Et je suis son amante.

Nous sommes enfin réunis par l’amour, et

Ensuite la lune me sépare de lui.

Je vais à lui en hâte et repars

À contrecoeur, avec plein

De petits adieux.

Je pars rapidement de derrière

L’horizon bleu pour répandre l’argent de

Mon écume sur l’or de son sable, et

Nous nous mêlons dans l’éclat en fusion.

J’apaise sa soif et submerge son

Cœur; il adoucit ma voix et soumet

Mon tempérament.

À l’aube je récite les règles de l’amour dans

Ses oreilles, et il m’embrasse avec ardeur.

Le soir je lui chante la chanson de

L’espoir, puis je dépose de doux baisers sur

Son visage; je suis prompte et craintive, mais il

Est calme, patient et rêveur.
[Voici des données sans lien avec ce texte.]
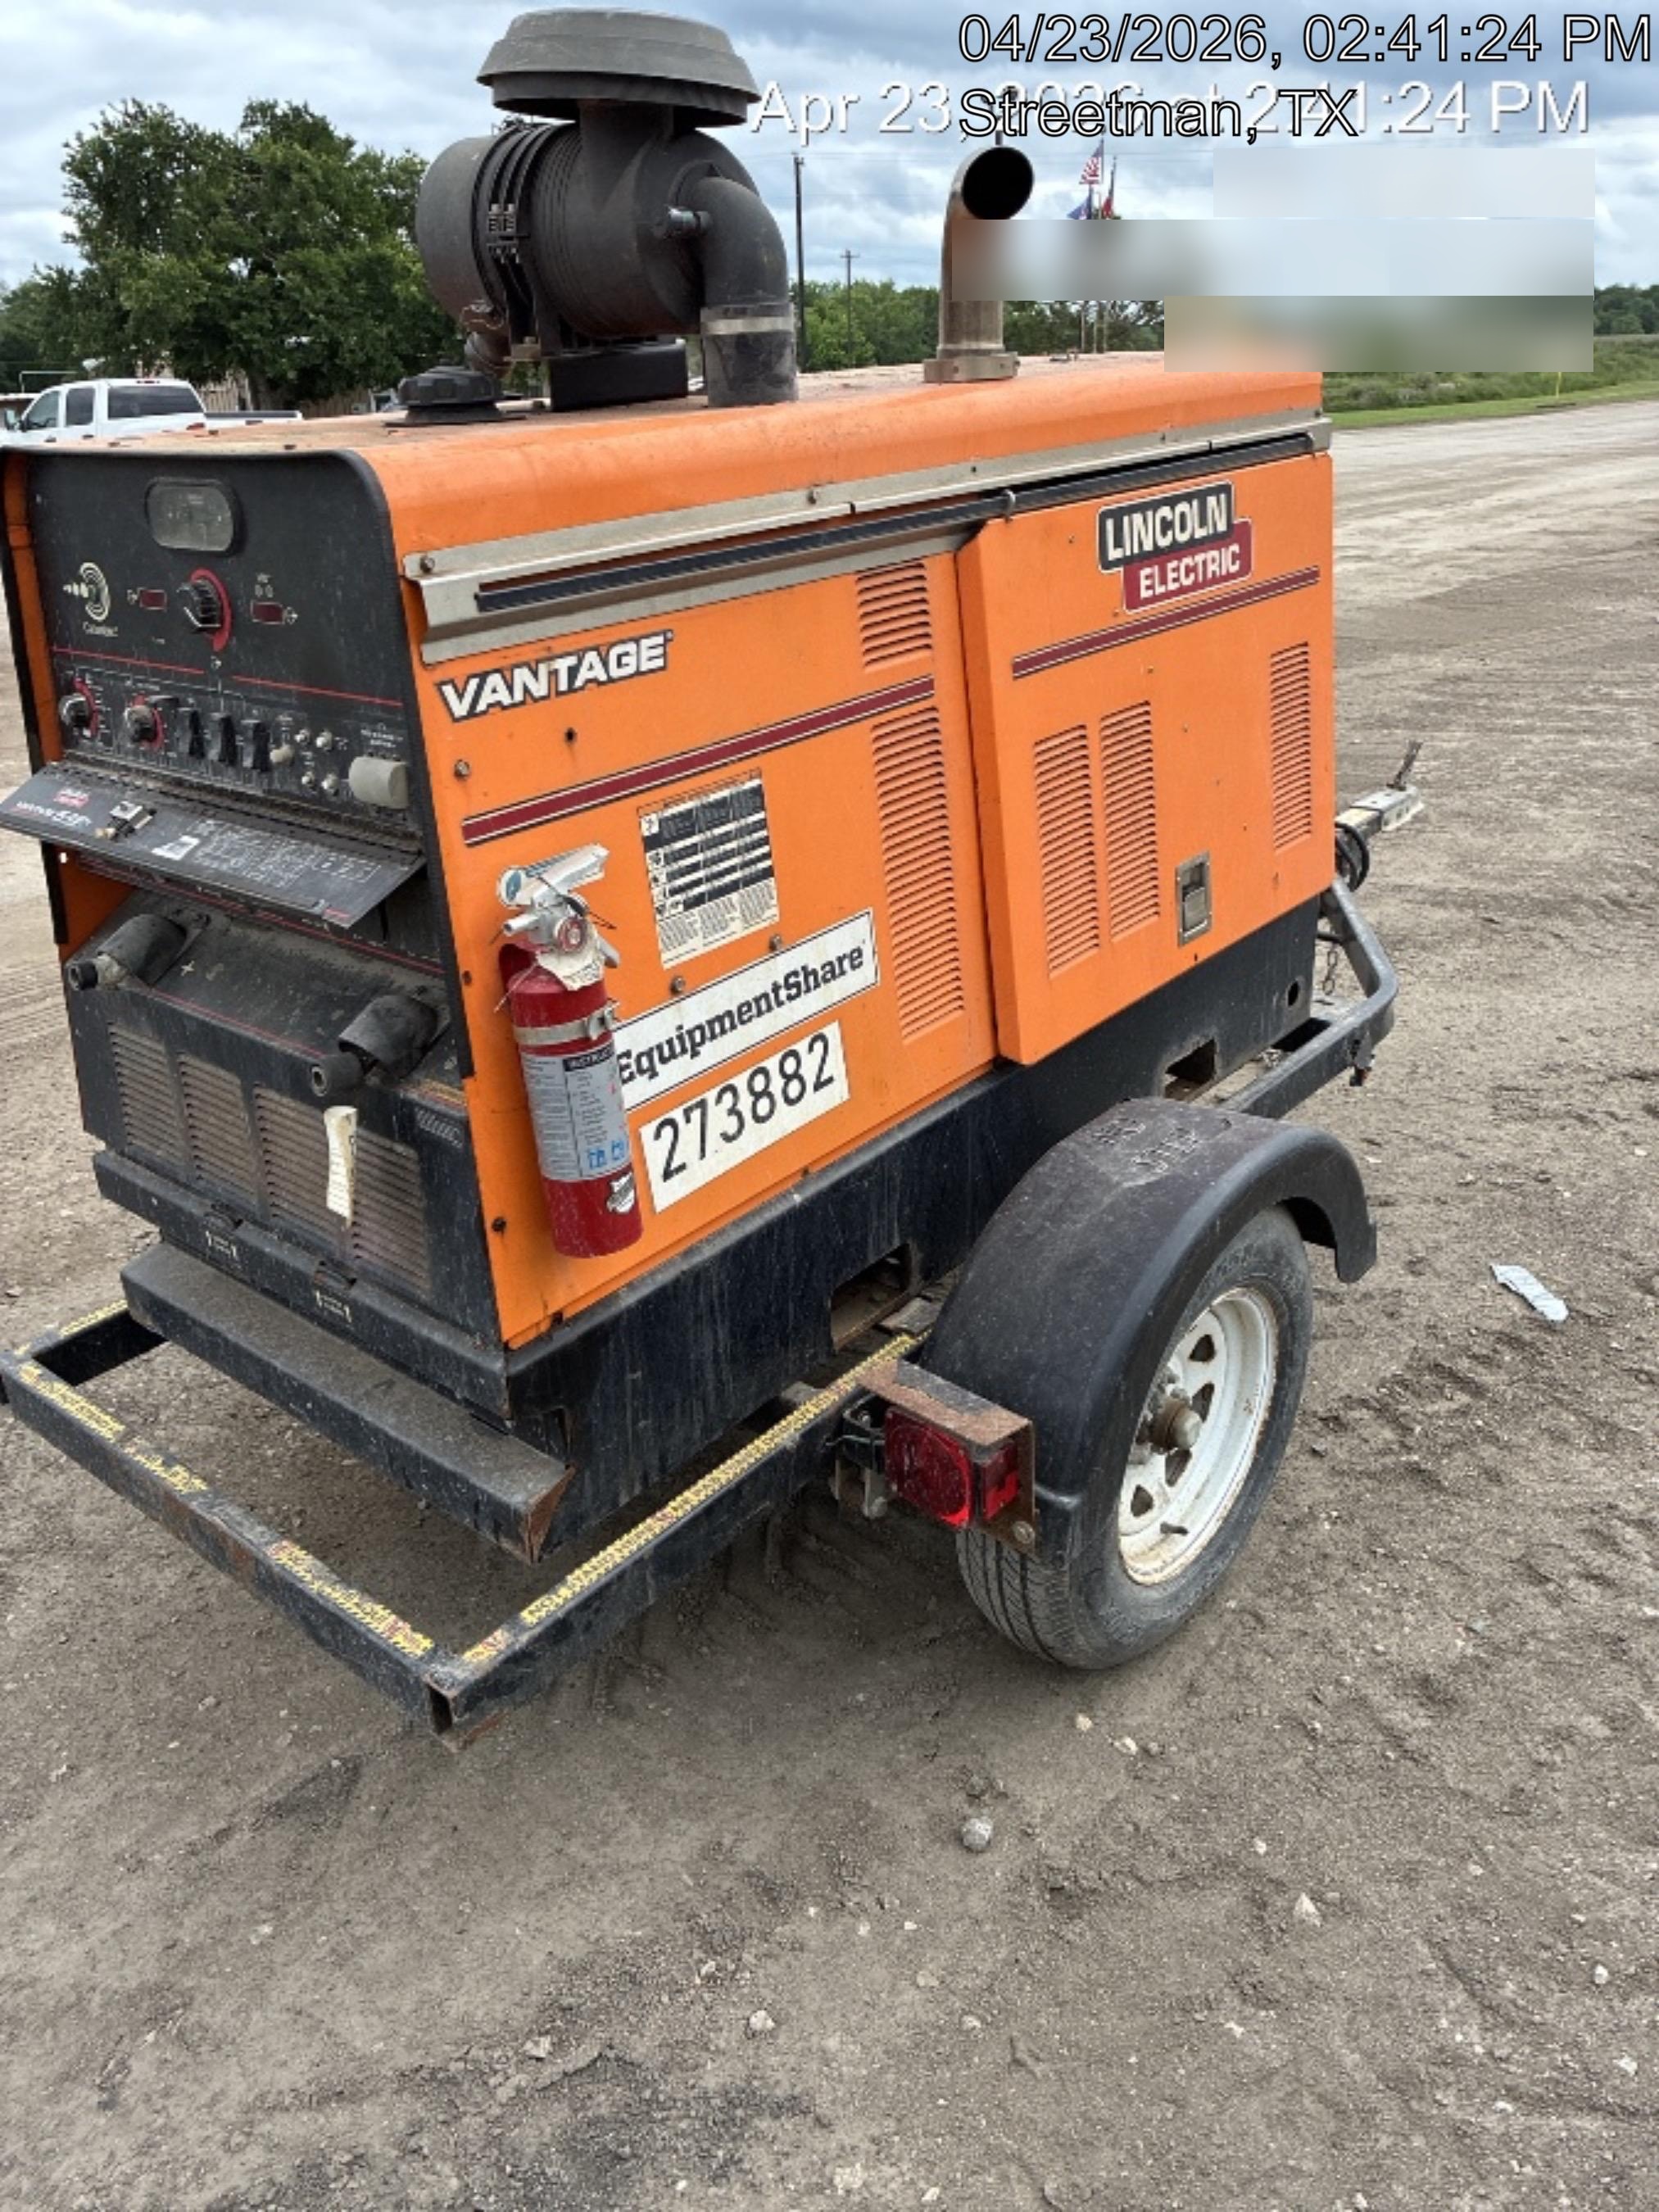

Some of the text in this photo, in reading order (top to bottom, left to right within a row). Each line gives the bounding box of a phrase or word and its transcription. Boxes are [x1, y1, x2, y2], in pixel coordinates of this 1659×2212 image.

Sa

Large poitrine apaise mon agitation.

Quand la marée arrive nous nous caressons,

Quand elle se retire, je me laisse tomber à ses pieds dans

La prière.

Maintes fois j’ai dansé autour des sirènes

Quand elles sortaient des profondeurs pour se reposer

Sur ma crête afin de contempler les étoiles;

Maintes fois j’ai entendu les amants se plaindre

De leur petitesse, et je les ai aidés à soupirer.

Maintes fois j’ai taquiné les grands rochers

Et les ai caressés d’un sourire, mais je n’ai

Jamais reçu de rires de leur part;

Maintes fois j’ai soulevé des âmes qui se noyaient

Et les ai portées tendrement vers mon rivage

Bien-aimé. Il leur donne sa force comme il

Prend la mienne.

Maintes fois j’ai volé des gemmes aux

Profondeurs et les ai présentées à mon rivage

Bien-aimé. Il prend en silence, mais je donne

Encore car il m’accueille toujours.

Dans la lourdeur de la nuit, quand toutes

Les créatures recherchent le fantôme du Sommeil, je

Me redresse, chantant un moment et soupirant

L’instant d’après. Je suis toujours en éveil.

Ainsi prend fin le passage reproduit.